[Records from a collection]
*** Block opens ***
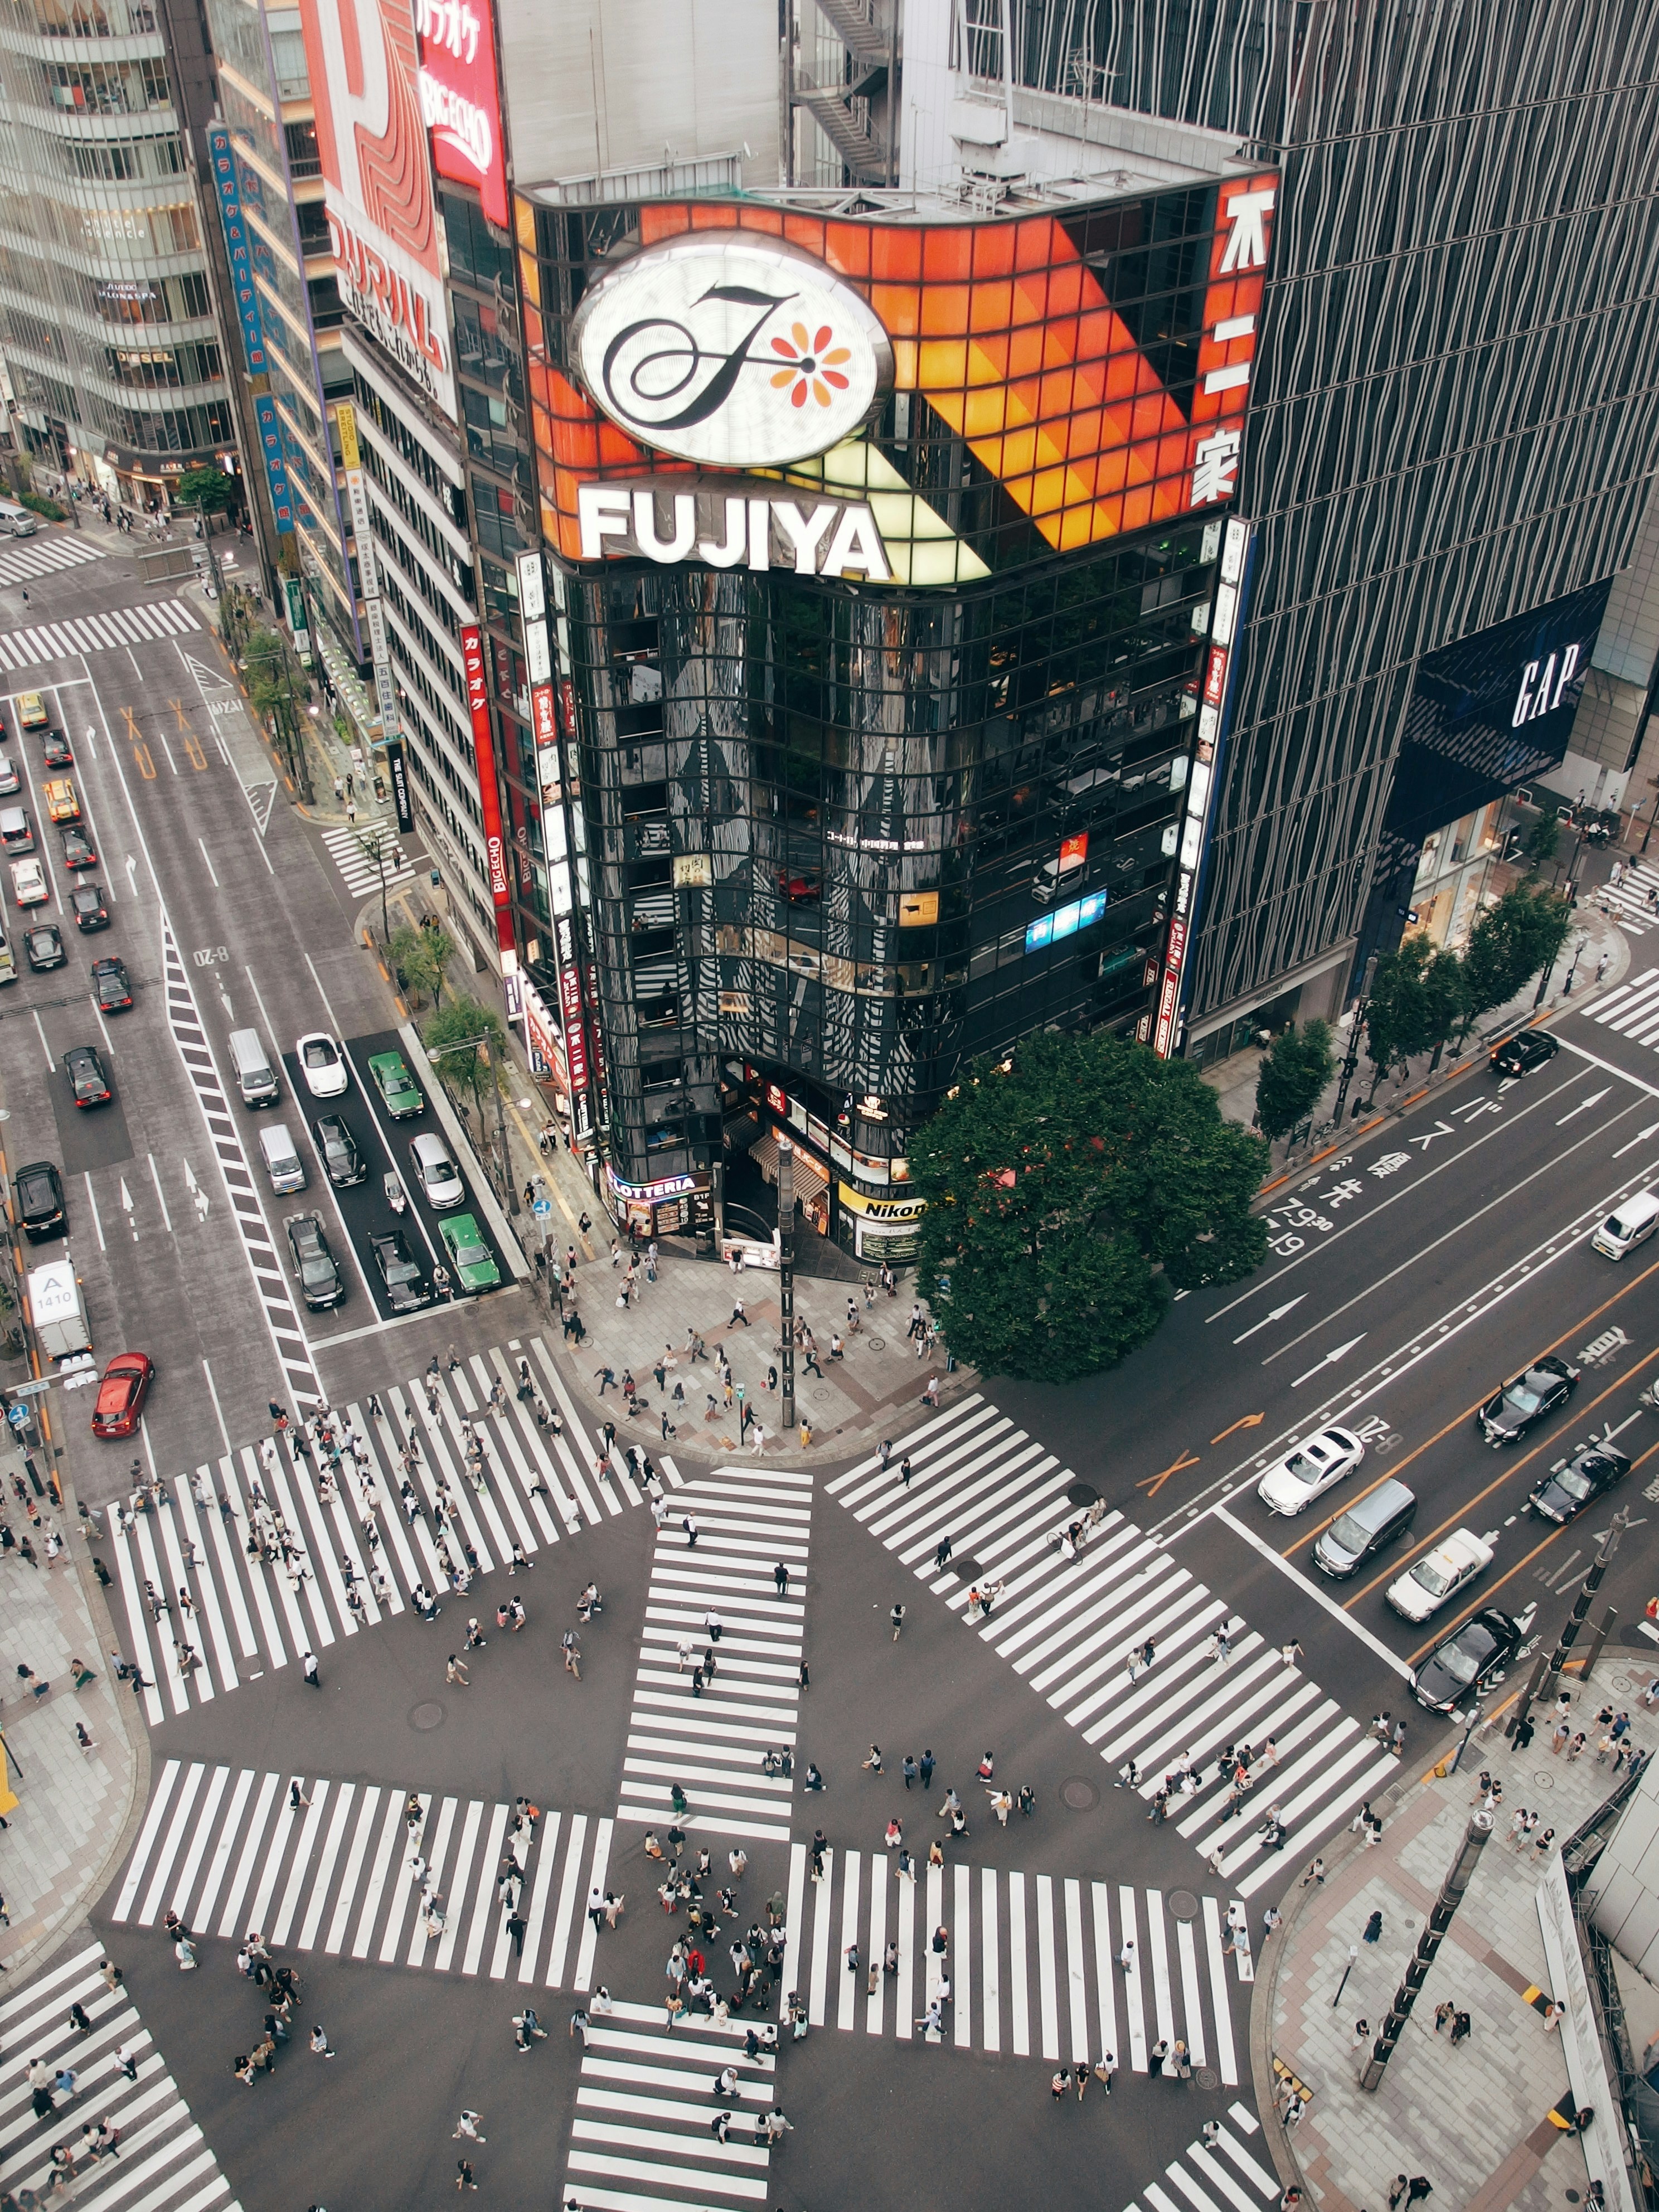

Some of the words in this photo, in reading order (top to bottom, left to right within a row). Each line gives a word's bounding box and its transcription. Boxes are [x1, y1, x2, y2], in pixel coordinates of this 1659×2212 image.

[117, 352, 174, 363] DIESEL
[1190, 190, 1275, 507] 不二家
[339, 410, 351, 457] BREITLING
[345, 408, 355, 442] STUDIO
[261, 410, 290, 519] カラオケ館
[578, 488, 892, 580] FUJIYA
[464, 636, 487, 711] カラオケ
[1512, 644, 1579, 727] GAP
[393, 758, 401, 773] THE
[395, 773, 405, 788] SUIT
[397, 788, 409, 819] COMPANY
[193, 946, 229, 967] 8-20
[569, 977, 579, 1005] 不二家
[1162, 978, 1175, 1016] REGAL
[1157, 1019, 1169, 1054] SHOES
[570, 1033, 584, 1075] 不二家
[579, 1100, 589, 1131] LOTTERIA
[613, 1177, 695, 1199] LOTTERIA
[693, 1192, 710, 1201] B1F
[865, 1202, 926, 1217] Nikon
[43, 1277, 62, 1292] A
[37, 1292, 72, 1310] 1410
*** Block closes ***
## What to produce
Only the pictures are to be excluded; all other parts of the records above are to be given exactly.

## Answer space
Some of the words in this photo, in reading order (top to bottom, left to right within a row). Each line gives a word's bounding box and its transcription. Boxes are [x1, y1, x2, y2], in pixel coordinates of this 1659×2212 image.

[117, 352, 174, 363] DIESEL
[1190, 190, 1275, 507] 不二家
[339, 410, 351, 457] BREITLING
[345, 408, 355, 442] STUDIO
[261, 410, 290, 519] カラオケ館
[578, 488, 892, 580] FUJIYA
[464, 636, 487, 711] カラオケ
[1512, 644, 1579, 727] GAP
[393, 758, 401, 773] THE
[395, 773, 405, 788] SUIT
[397, 788, 409, 819] COMPANY
[193, 946, 229, 967] 8-20
[569, 977, 579, 1005] 不二家
[1162, 978, 1175, 1016] REGAL
[1157, 1019, 1169, 1054] SHOES
[570, 1033, 584, 1075] 不二家
[579, 1100, 589, 1131] LOTTERIA
[613, 1177, 695, 1199] LOTTERIA
[693, 1192, 710, 1201] B1F
[865, 1202, 926, 1217] Nikon
[43, 1277, 62, 1292] A
[37, 1292, 72, 1310] 1410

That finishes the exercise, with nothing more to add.